Return, exactly, the line that contains "this 1600×1200 image." together with all lines after it to the end of the entries, and no further lines.
Start of Records for processing
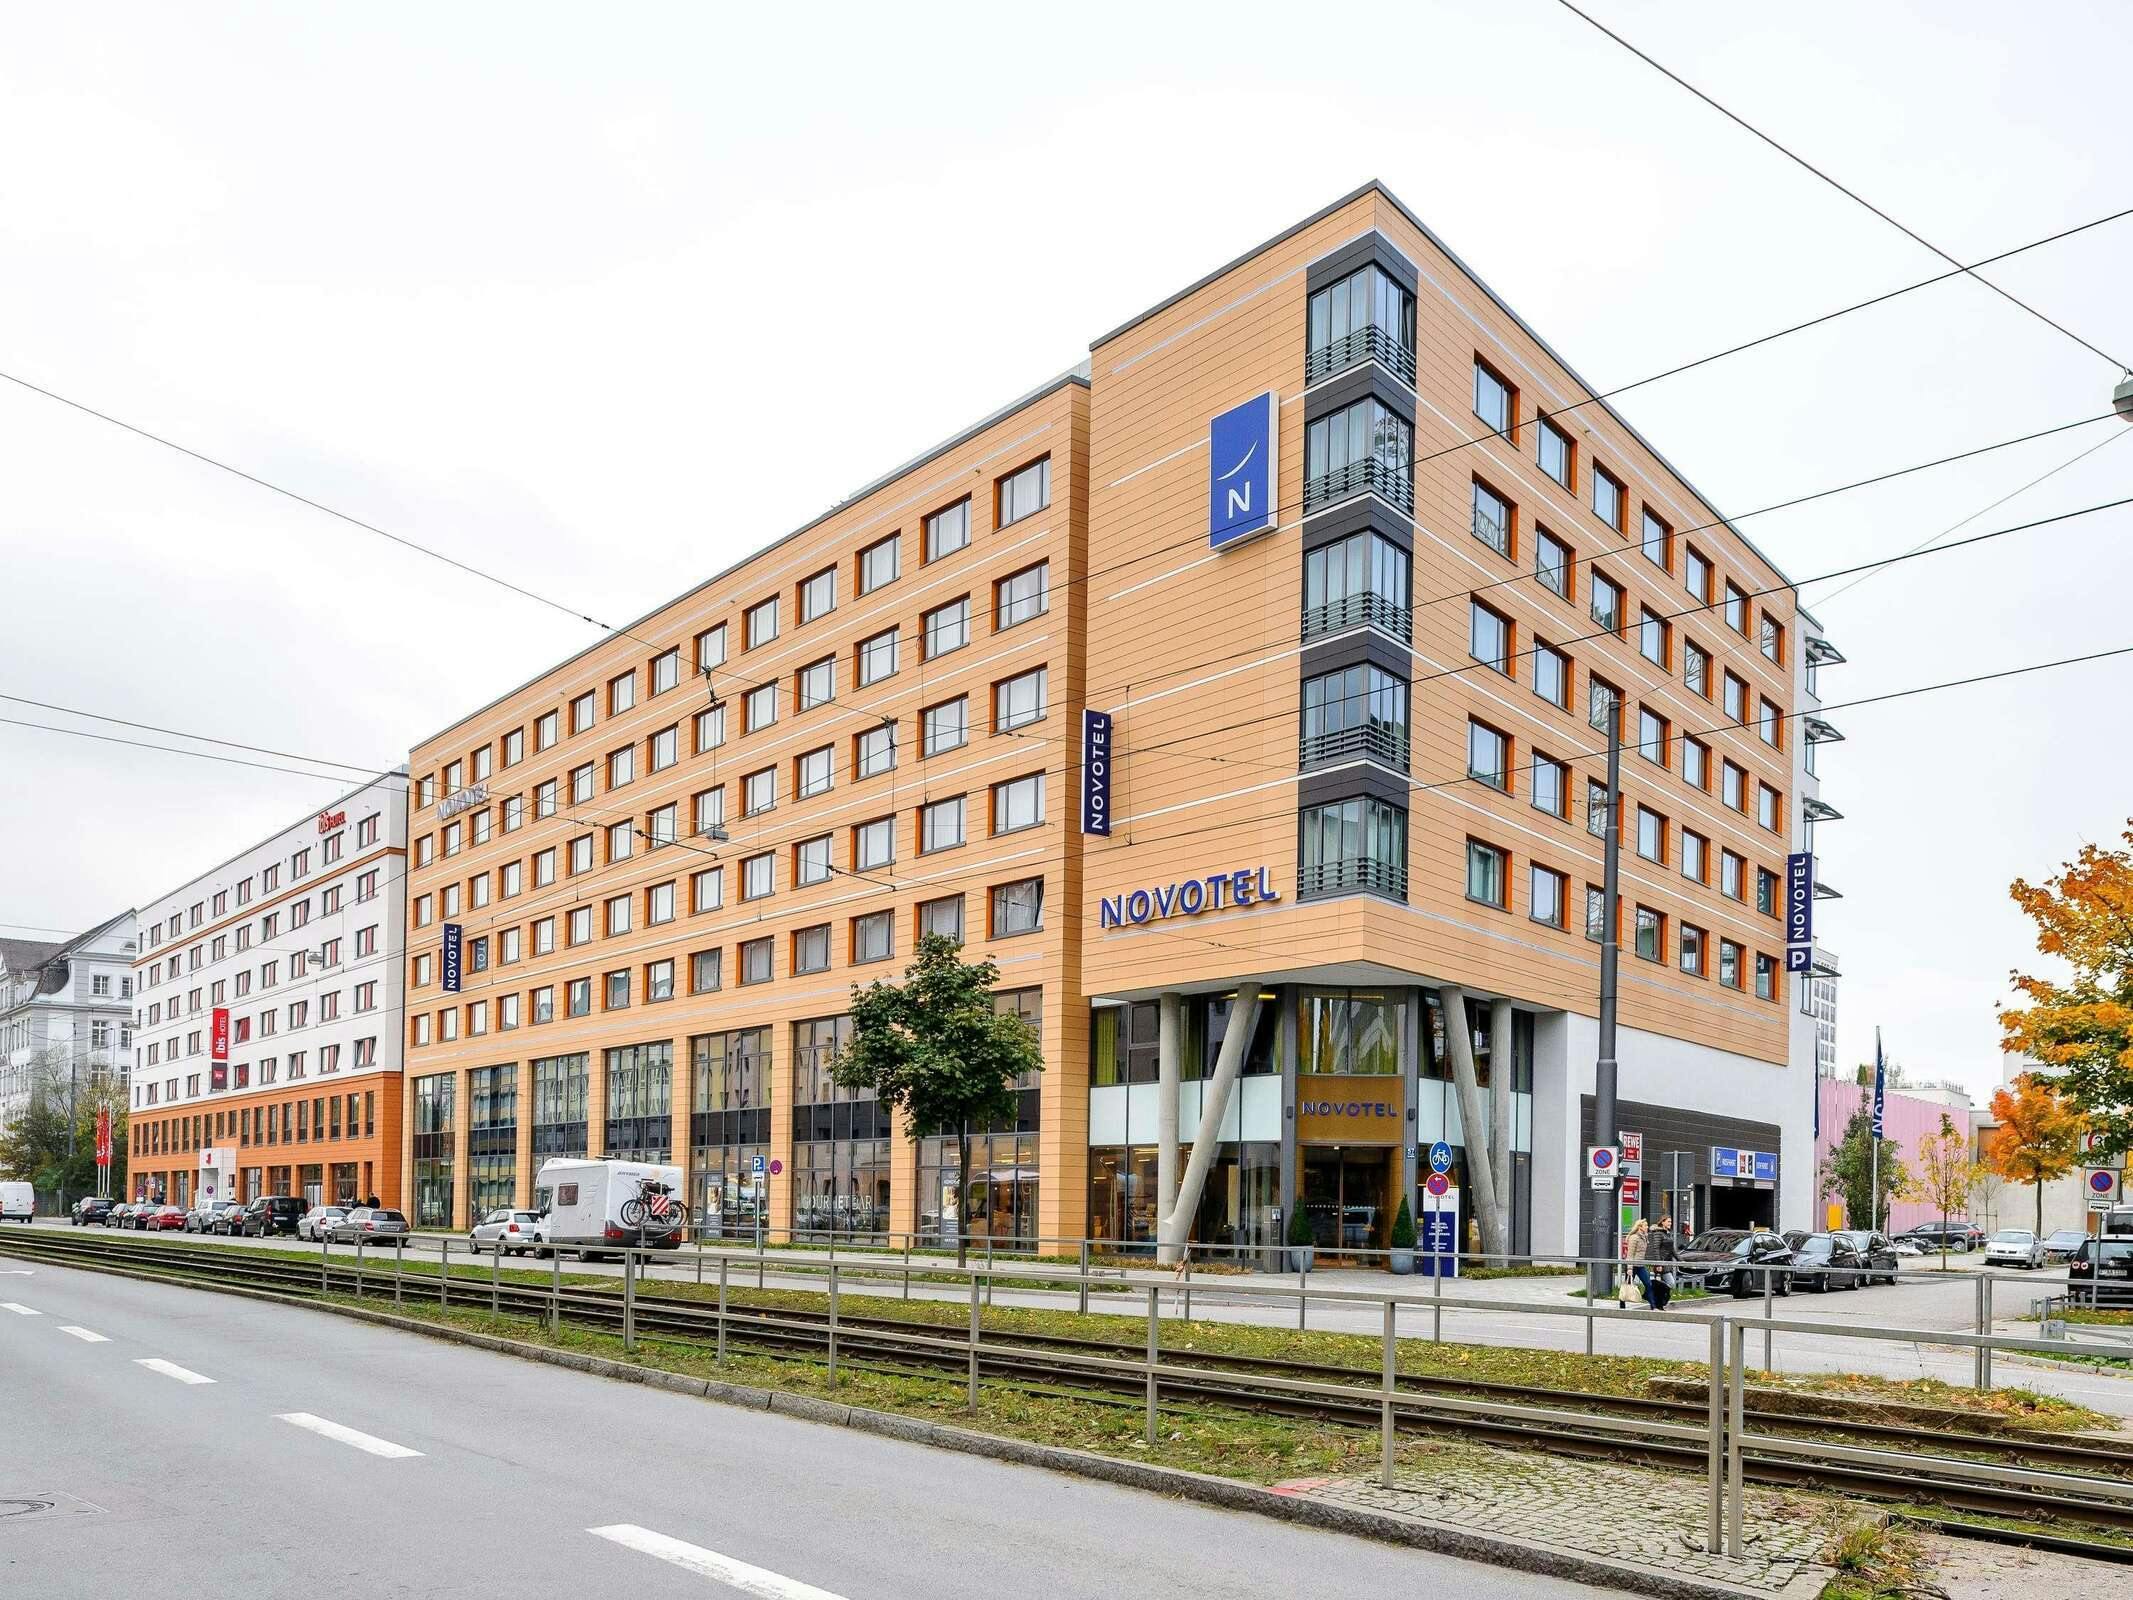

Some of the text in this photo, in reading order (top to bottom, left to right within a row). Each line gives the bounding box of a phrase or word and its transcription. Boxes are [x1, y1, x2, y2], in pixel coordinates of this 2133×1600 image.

[1228, 480, 1250, 520] N
[1091, 718, 1105, 830] NOVOTEL
[1101, 866, 1281, 929] NOVOTEL
[1793, 857, 1806, 939] NOVOTEL
[447, 927, 458, 989] NOVOTEL
[1791, 951, 1806, 968] P
[216, 1037, 226, 1053] ibis
[1302, 1101, 1398, 1117] NOVOTEL
[1623, 1135, 1640, 1148] REWE
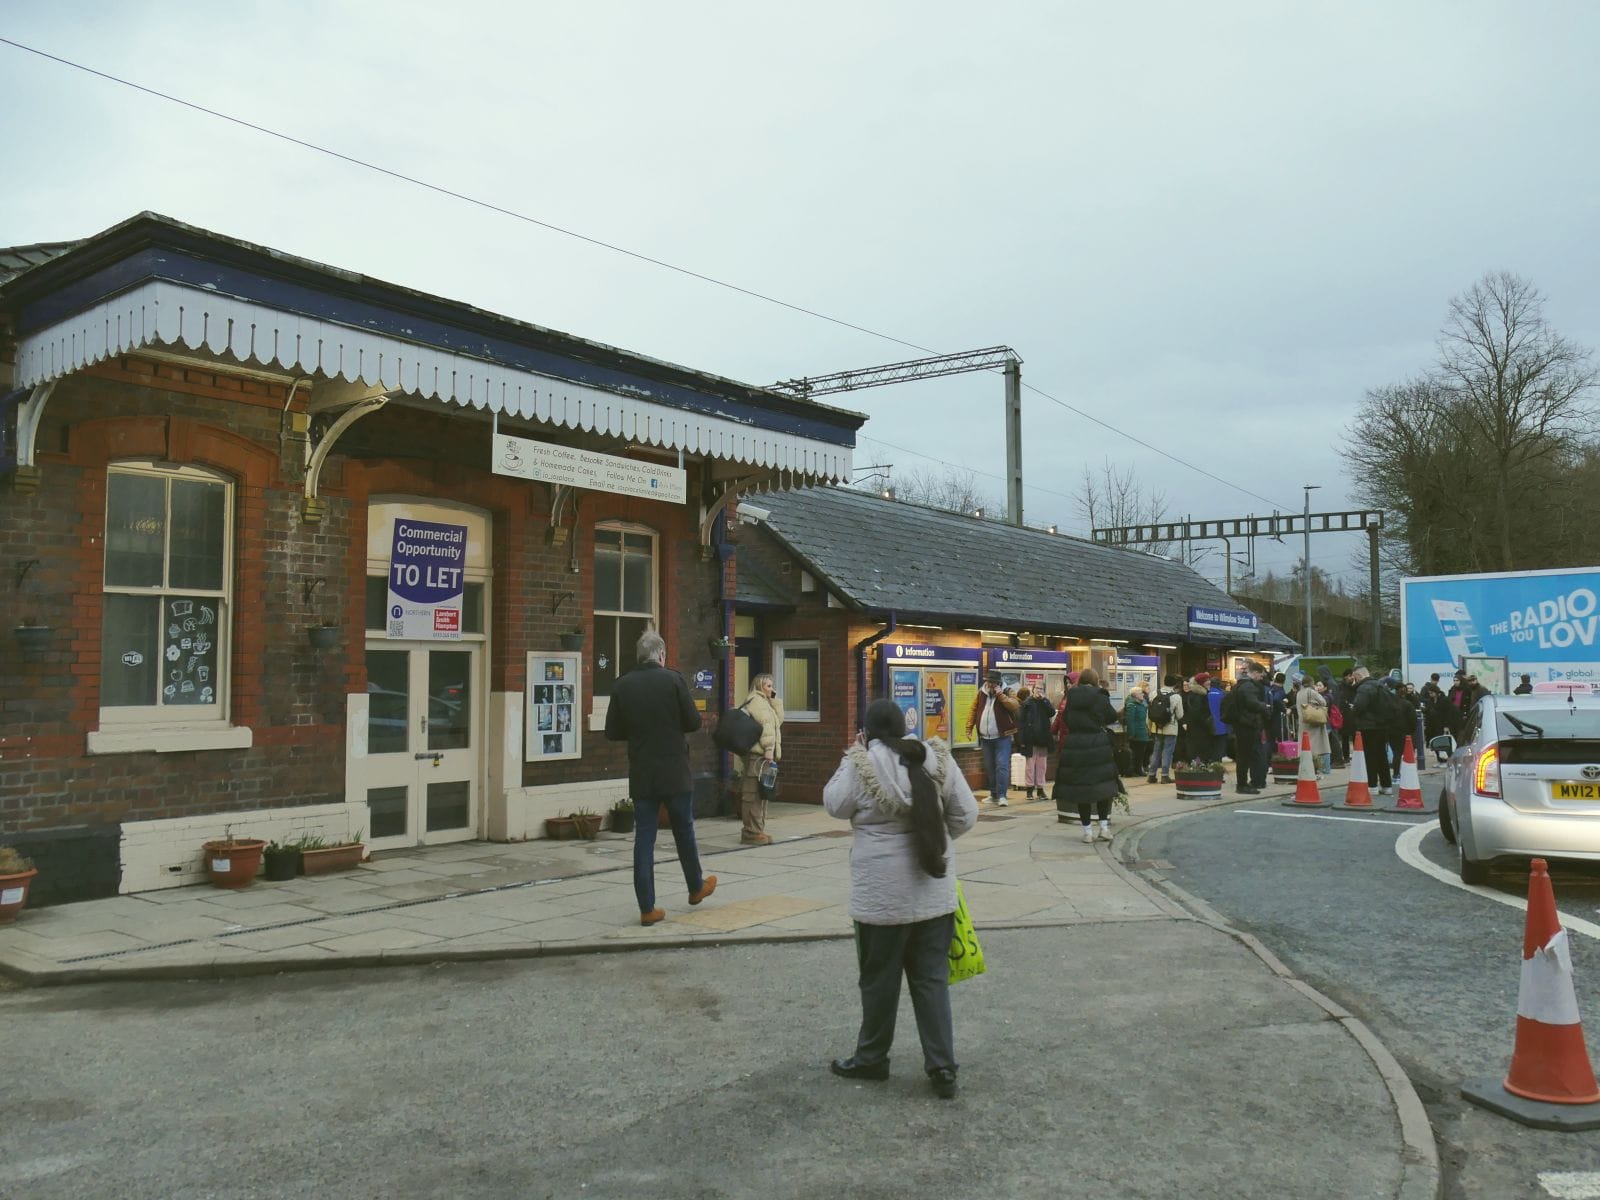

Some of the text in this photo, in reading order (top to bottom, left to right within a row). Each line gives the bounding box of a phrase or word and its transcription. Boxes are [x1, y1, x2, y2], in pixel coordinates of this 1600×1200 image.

[533, 446, 550, 456] Fresh
[580, 454, 603, 466] Bespoke
[642, 466, 656, 475] Cold
[541, 460, 575, 472] Homemade
[578, 466, 597, 477] Cakes
[590, 479, 605, 488] Email
[399, 525, 463, 542] Commercial
[397, 541, 461, 560] Opportunity
[394, 564, 461, 588] TO LET
[1196, 610, 1249, 624] Welcome to Wilmslow Station
[1490, 588, 1596, 635] THE RADIO
[1510, 615, 1600, 648] YOU LOV
[905, 648, 935, 657] Information
[1010, 652, 1032, 661] Information
[1565, 669, 1593, 679] global
[1561, 785, 1594, 797] MV12
End of Records for processing
Exercise answer →
Some of the text in this photo, in reading order (top to bottom, left to right within a row). Each line gives the bounding box of a phrase or word and its transcription. Boxes are [x1, y1, x2, y2], in pixel coordinates of this 1600×1200 image.

[533, 446, 550, 456] Fresh
[580, 454, 603, 466] Bespoke
[642, 466, 656, 475] Cold
[541, 460, 575, 472] Homemade
[578, 466, 597, 477] Cakes
[590, 479, 605, 488] Email
[399, 525, 463, 542] Commercial
[397, 541, 461, 560] Opportunity
[394, 564, 461, 588] TO LET
[1196, 610, 1249, 624] Welcome to Wilmslow Station
[1490, 588, 1596, 635] THE RADIO
[1510, 615, 1600, 648] YOU LOV
[905, 648, 935, 657] Information
[1010, 652, 1032, 661] Information
[1565, 669, 1593, 679] global
[1561, 785, 1594, 797] MV12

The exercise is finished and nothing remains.